The grey Lego axle is used to hold the mechanism in place and stop it from sliding up over the gun's trigger. A pair of large gears pulls two Technics beams backwards to squeeze the trigger. It's not particularly complicated, but I wanted to build something that we could get up and going before my oldest's enthusiasm waned. We were, after all, cutting into important Minecraft time.
For the software I used the NXT Remote Control app by Jacek Fedorynski. It's available for free from the Google Play store. I cannot rate it highly enough - it's simple to use, connects to the Mindstorm without any dramas and has nice set of alternative UIs for driving different styles of Mindstorm remote-control projects. I'm planning on using it for another project shortly and I'll go into the details of how to use it there - though it's really no more complicated than turning on your Mindstorms brick and syncing to the app.
The squeezing mechanism could have been a bit more robust - I would have liked to have prevented it from putting a strain on the motor once the trigger had been pulled - but it's basic and it works. The intention was to distract the kids away from Minecraft for a while and build something "real". The look on my oldest's face when we fired off the first test shot was priceless.

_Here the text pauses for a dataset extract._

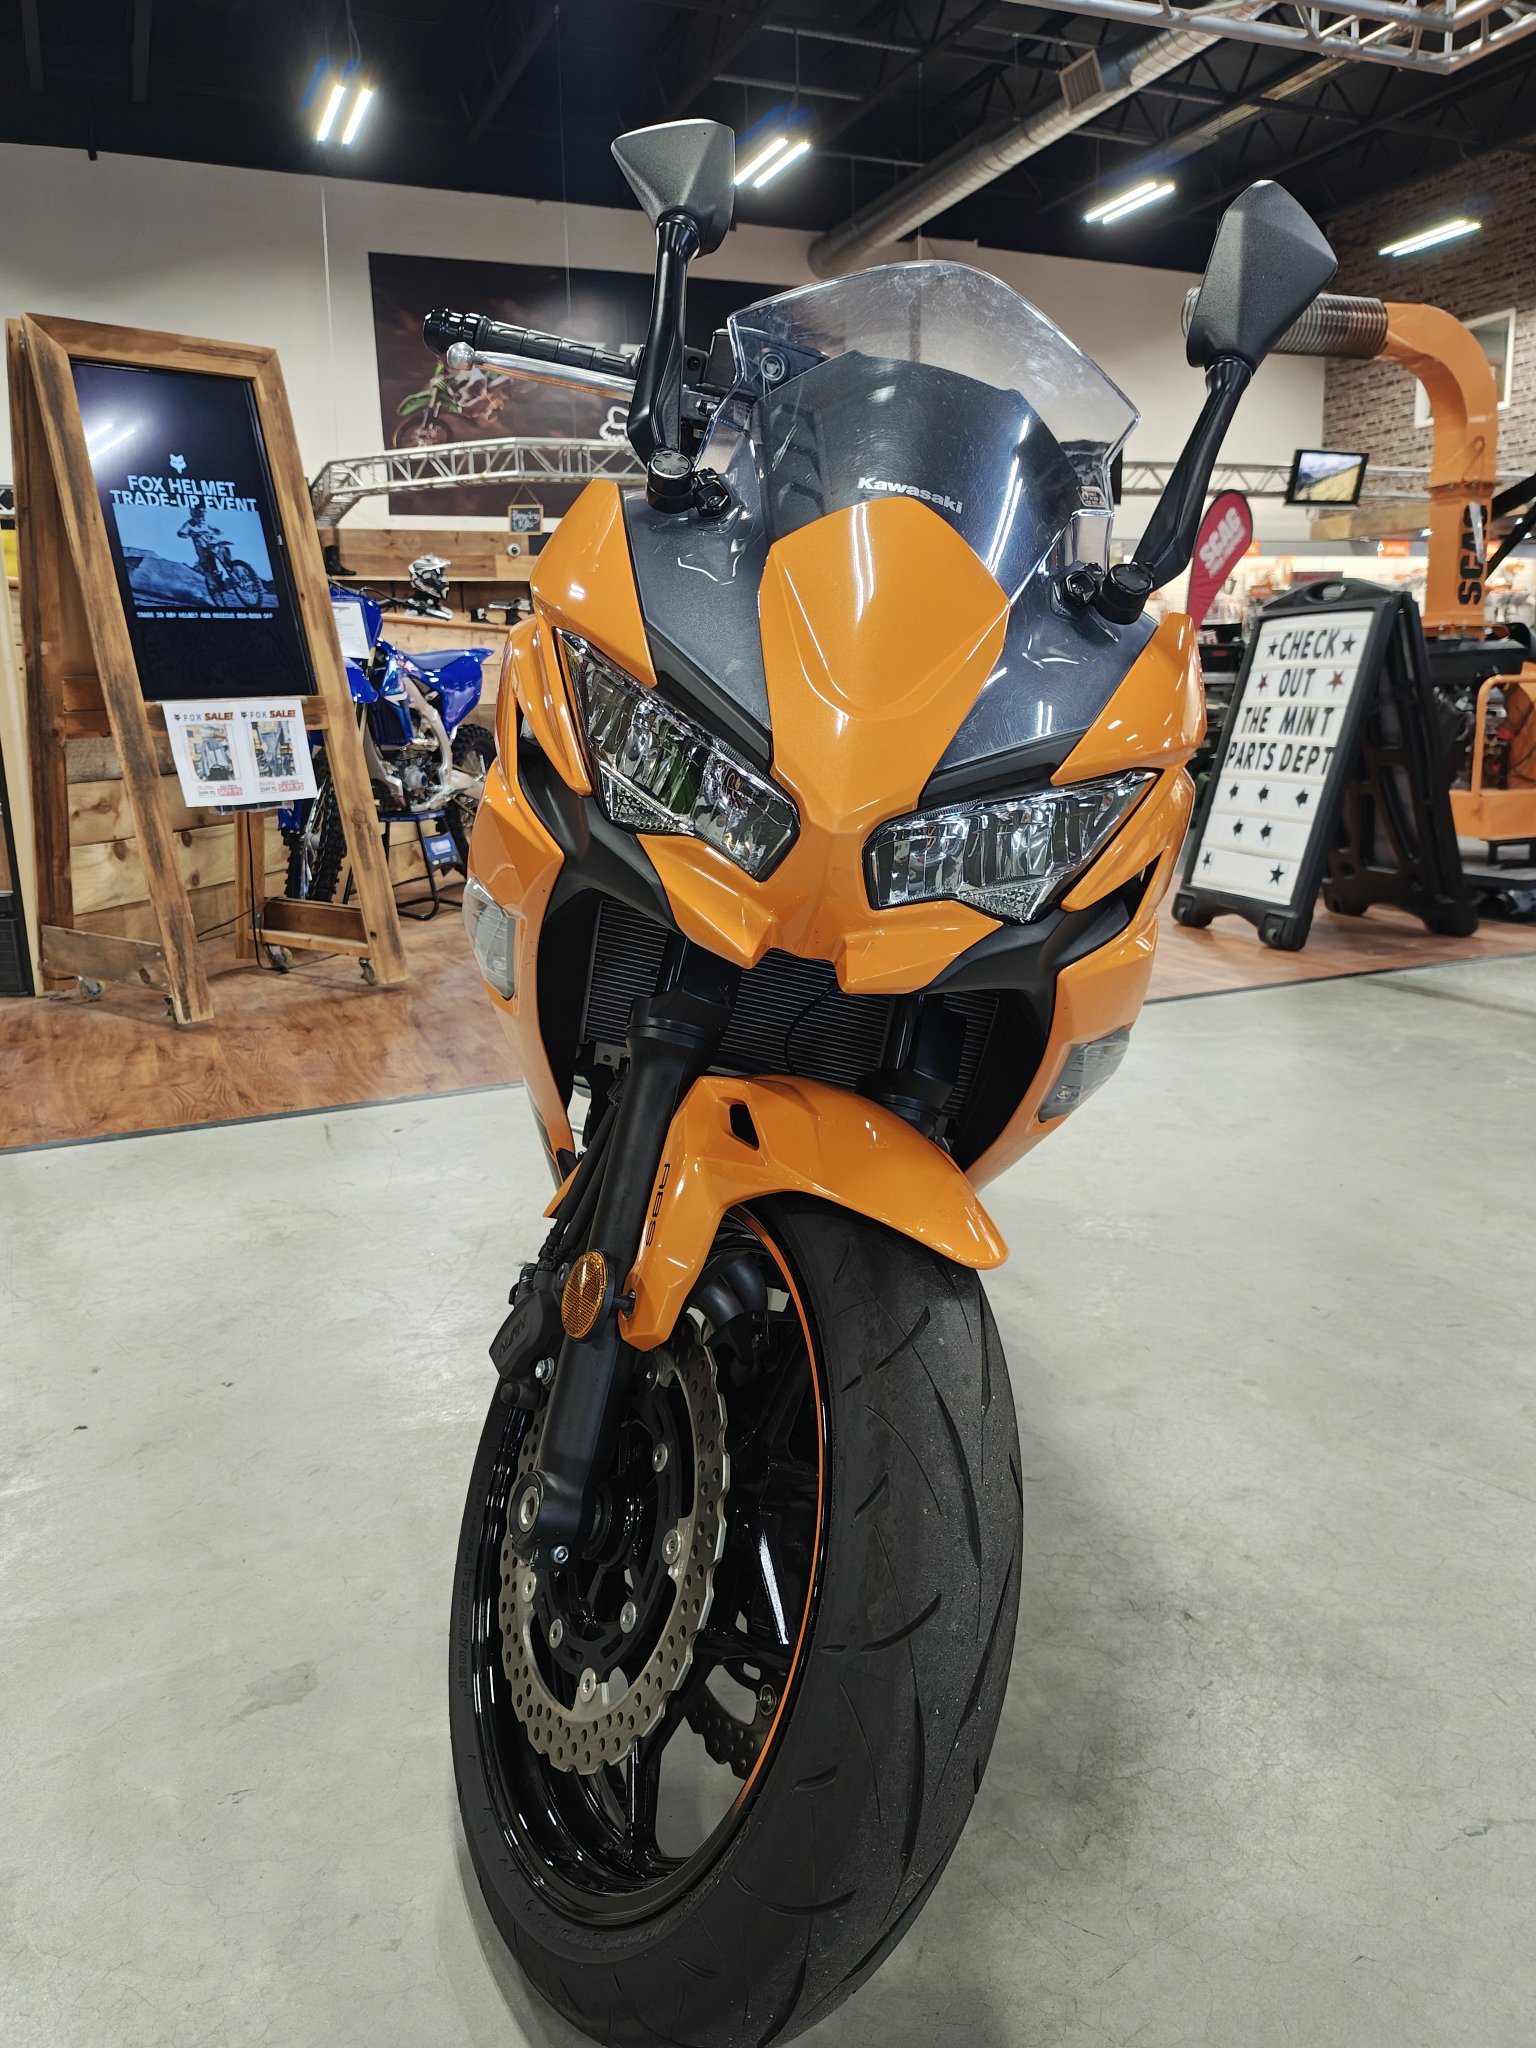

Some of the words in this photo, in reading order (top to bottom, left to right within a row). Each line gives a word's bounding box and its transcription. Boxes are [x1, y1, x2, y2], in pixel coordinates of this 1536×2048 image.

Here we'd built something quickly that performed as expected - unlike a lot of our other projects where the payoff takes time. Hopefully it will enthuse them to get involved in some of the more complicated projects on the bench at the moment.
The Lego mechanism needed to be attached to the Nerf gun using a rubber band. OK, not strictly either Nerf or Lego kit, but again keeping with getting quick results it worked well.
Ultimately I'd like to put the whole gun on some sort of rotating base so we can swivel it around and shoot at targets around the room. But that's for another weekend.